• TASK DIRECTIONS:
When you restate the data, keep every word as it is and drop the images.

#### MATERIAL SHOWN

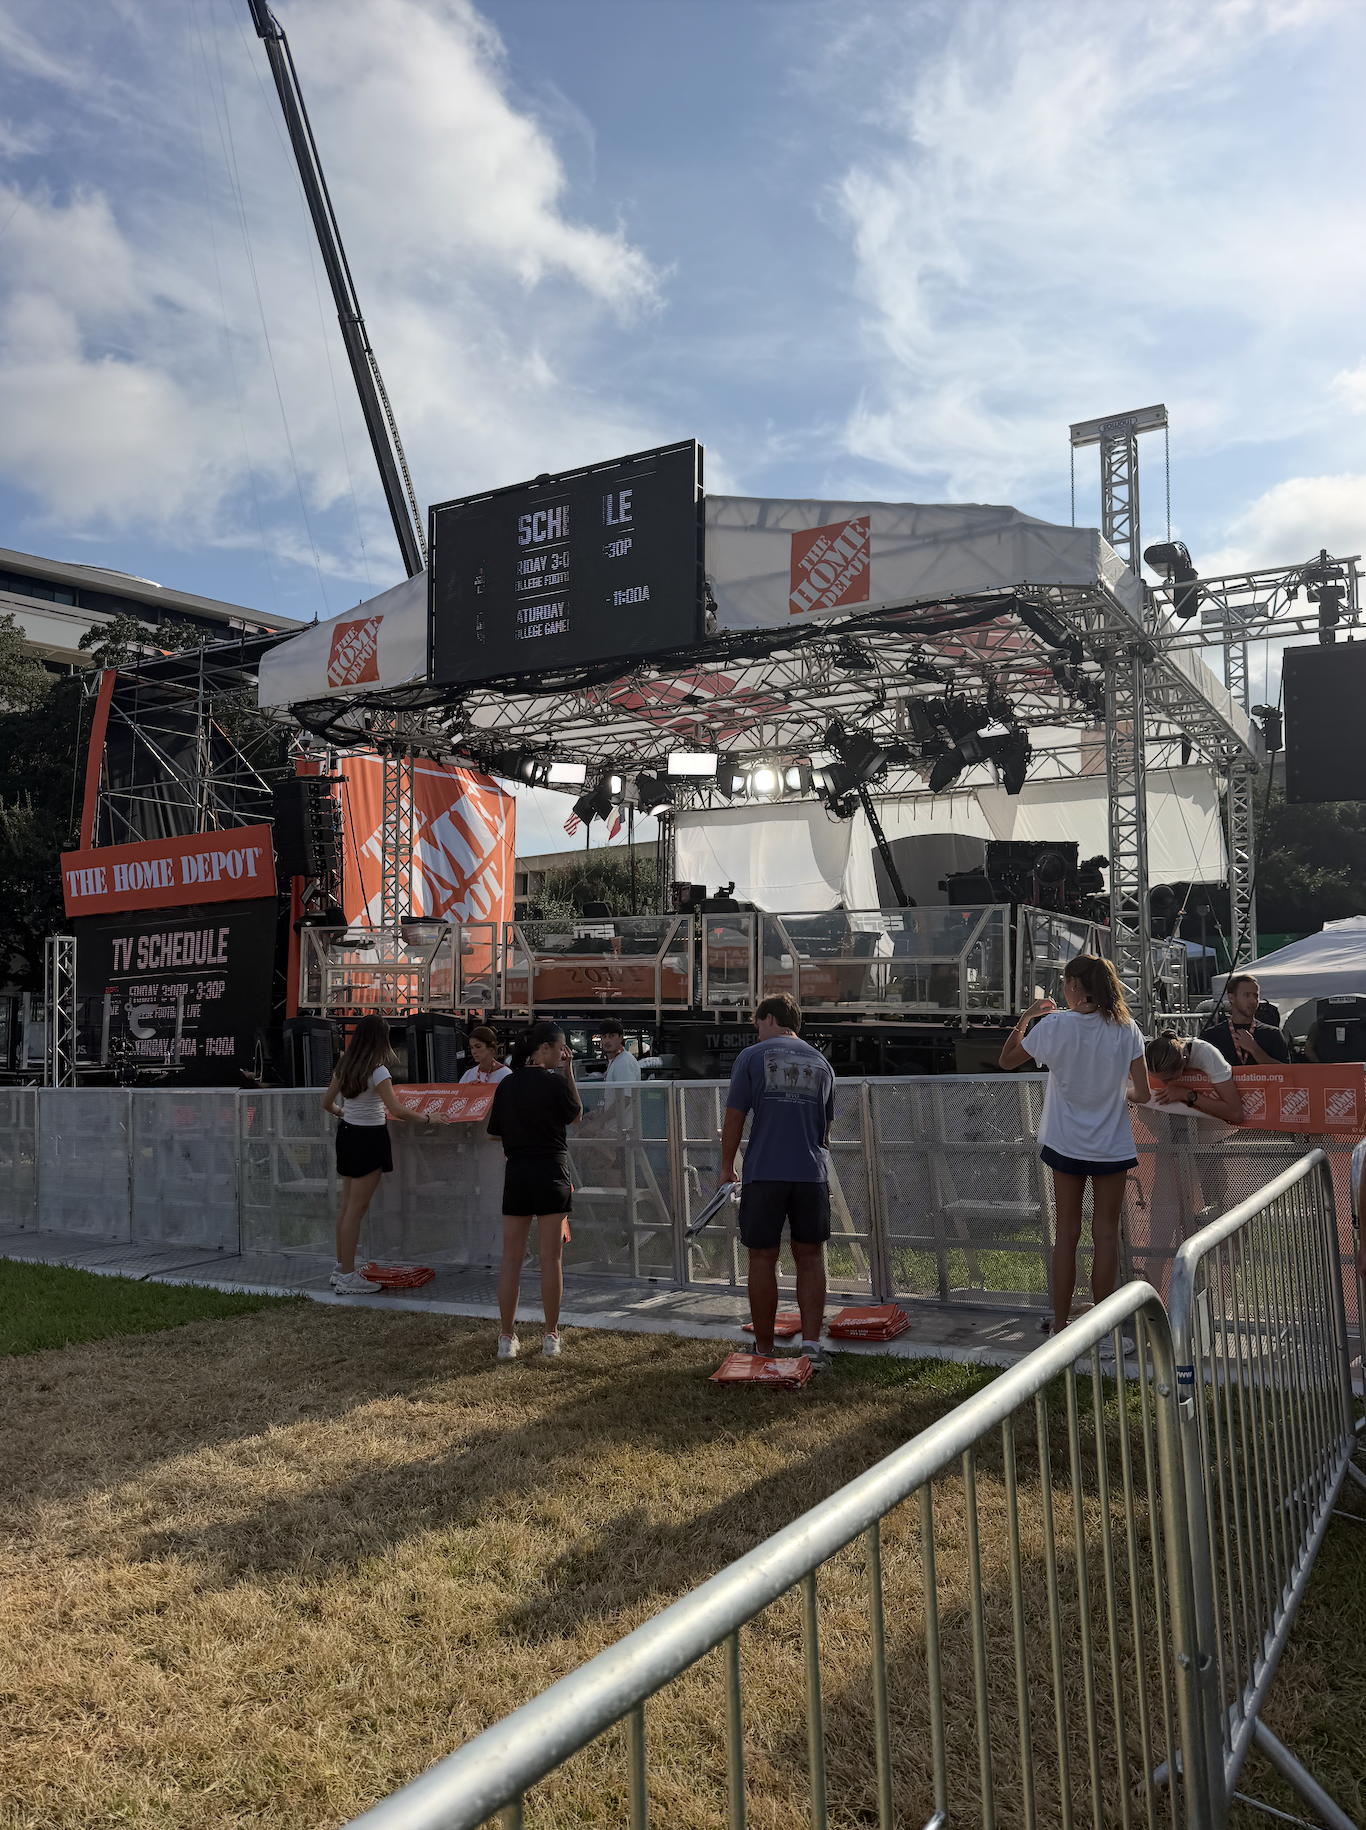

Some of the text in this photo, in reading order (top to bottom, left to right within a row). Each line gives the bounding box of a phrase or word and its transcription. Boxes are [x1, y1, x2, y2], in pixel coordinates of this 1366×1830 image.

[789, 518, 871, 612] HOME
[797, 534, 832, 572] THE
[820, 549, 871, 608] DEPOT
[327, 617, 382, 686] HOME
[334, 626, 358, 654] THE
[347, 637, 378, 684] DEPOT
[66, 846, 260, 898] THE HOME DEPOT
[112, 927, 230, 972] TV SCHEDULE
[128, 983, 159, 1004] FRIDAY
[196, 979, 226, 1001] 3:30P
[205, 1035, 235, 1057] 11:00A
[706, 1034, 721, 1048] TV
[1280, 1088, 1309, 1116] HOME
[1325, 1089, 1356, 1117] HOME

########

• TASK RESULT:
Some of the text in this photo, in reading order (top to bottom, left to right within a row). Each line gives the bounding box of a phrase or word and its transcription. Boxes are [x1, y1, x2, y2], in pixel coordinates of this 1366×1830 image.

[789, 518, 871, 612] HOME
[797, 534, 832, 572] THE
[820, 549, 871, 608] DEPOT
[327, 617, 382, 686] HOME
[334, 626, 358, 654] THE
[347, 637, 378, 684] DEPOT
[66, 846, 260, 898] THE HOME DEPOT
[112, 927, 230, 972] TV SCHEDULE
[128, 983, 159, 1004] FRIDAY
[196, 979, 226, 1001] 3:30P
[205, 1035, 235, 1057] 11:00A
[706, 1034, 721, 1048] TV
[1280, 1088, 1309, 1116] HOME
[1325, 1089, 1356, 1117] HOME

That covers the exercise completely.